──────── The data ────────
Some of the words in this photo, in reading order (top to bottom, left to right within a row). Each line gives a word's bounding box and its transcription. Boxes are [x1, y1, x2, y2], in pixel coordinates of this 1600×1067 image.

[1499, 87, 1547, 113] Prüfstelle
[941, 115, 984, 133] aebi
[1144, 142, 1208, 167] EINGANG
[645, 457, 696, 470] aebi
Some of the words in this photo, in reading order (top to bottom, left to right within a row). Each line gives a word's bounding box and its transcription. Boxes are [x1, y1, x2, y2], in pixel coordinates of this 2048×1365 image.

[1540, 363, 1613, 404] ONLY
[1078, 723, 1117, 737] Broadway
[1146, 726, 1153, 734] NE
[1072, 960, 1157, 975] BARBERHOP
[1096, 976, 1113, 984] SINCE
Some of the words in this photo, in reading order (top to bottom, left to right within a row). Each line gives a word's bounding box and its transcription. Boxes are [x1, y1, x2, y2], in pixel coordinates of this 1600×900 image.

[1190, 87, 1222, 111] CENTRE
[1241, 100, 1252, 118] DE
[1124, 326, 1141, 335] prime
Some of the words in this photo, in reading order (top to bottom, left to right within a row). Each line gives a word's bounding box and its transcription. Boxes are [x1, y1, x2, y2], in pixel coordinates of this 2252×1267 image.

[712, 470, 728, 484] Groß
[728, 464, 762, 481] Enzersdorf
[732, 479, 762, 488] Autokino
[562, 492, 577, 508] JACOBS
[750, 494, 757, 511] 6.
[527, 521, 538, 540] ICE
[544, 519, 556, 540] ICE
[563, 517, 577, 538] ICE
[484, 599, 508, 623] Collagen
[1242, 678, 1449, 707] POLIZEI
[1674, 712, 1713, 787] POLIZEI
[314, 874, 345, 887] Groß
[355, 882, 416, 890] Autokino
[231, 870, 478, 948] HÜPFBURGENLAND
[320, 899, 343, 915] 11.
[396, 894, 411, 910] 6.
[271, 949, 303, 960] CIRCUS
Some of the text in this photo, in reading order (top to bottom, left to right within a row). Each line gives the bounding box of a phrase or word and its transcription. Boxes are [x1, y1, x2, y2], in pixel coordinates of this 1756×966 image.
────────
__Required work__.
In full and word for word, write out the data above.

__Result of this exercise__.
Some of the words in this photo, in reading order (top to bottom, left to right within a row). Each line gives a word's bounding box and its transcription. Boxes are [x1, y1, x2, y2], in pixel coordinates of this 1600×1067 image.

[1499, 87, 1547, 113] Prüfstelle
[941, 115, 984, 133] aebi
[1144, 142, 1208, 167] EINGANG
[645, 457, 696, 470] aebi
Some of the words in this photo, in reading order (top to bottom, left to right within a row). Each line gives a word's bounding box and its transcription. Boxes are [x1, y1, x2, y2], in pixel coordinates of this 2048×1365 image.

[1540, 363, 1613, 404] ONLY
[1078, 723, 1117, 737] Broadway
[1146, 726, 1153, 734] NE
[1072, 960, 1157, 975] BARBERHOP
[1096, 976, 1113, 984] SINCE
Some of the words in this photo, in reading order (top to bottom, left to right within a row). Each line gives a word's bounding box and its transcription. Boxes are [x1, y1, x2, y2], in pixel coordinates of this 1600×900 image.

[1190, 87, 1222, 111] CENTRE
[1241, 100, 1252, 118] DE
[1124, 326, 1141, 335] prime
Some of the words in this photo, in reading order (top to bottom, left to right within a row). Each line gives a word's bounding box and its transcription. Boxes are [x1, y1, x2, y2], in pixel coordinates of this 2252×1267 image.

[712, 470, 728, 484] Groß
[728, 464, 762, 481] Enzersdorf
[732, 479, 762, 488] Autokino
[562, 492, 577, 508] JACOBS
[750, 494, 757, 511] 6.
[527, 521, 538, 540] ICE
[544, 519, 556, 540] ICE
[563, 517, 577, 538] ICE
[484, 599, 508, 623] Collagen
[1242, 678, 1449, 707] POLIZEI
[1674, 712, 1713, 787] POLIZEI
[314, 874, 345, 887] Groß
[355, 882, 416, 890] Autokino
[231, 870, 478, 948] HÜPFBURGENLAND
[320, 899, 343, 915] 11.
[396, 894, 411, 910] 6.
[271, 949, 303, 960] CIRCUS
Some of the text in this photo, in reading order (top to bottom, left to right within a row). Each line gives the bounding box of a phrase or word and its transcription. Boxes are [x1, y1, x2, y2], in pixel coordinates of this 1756×966 image.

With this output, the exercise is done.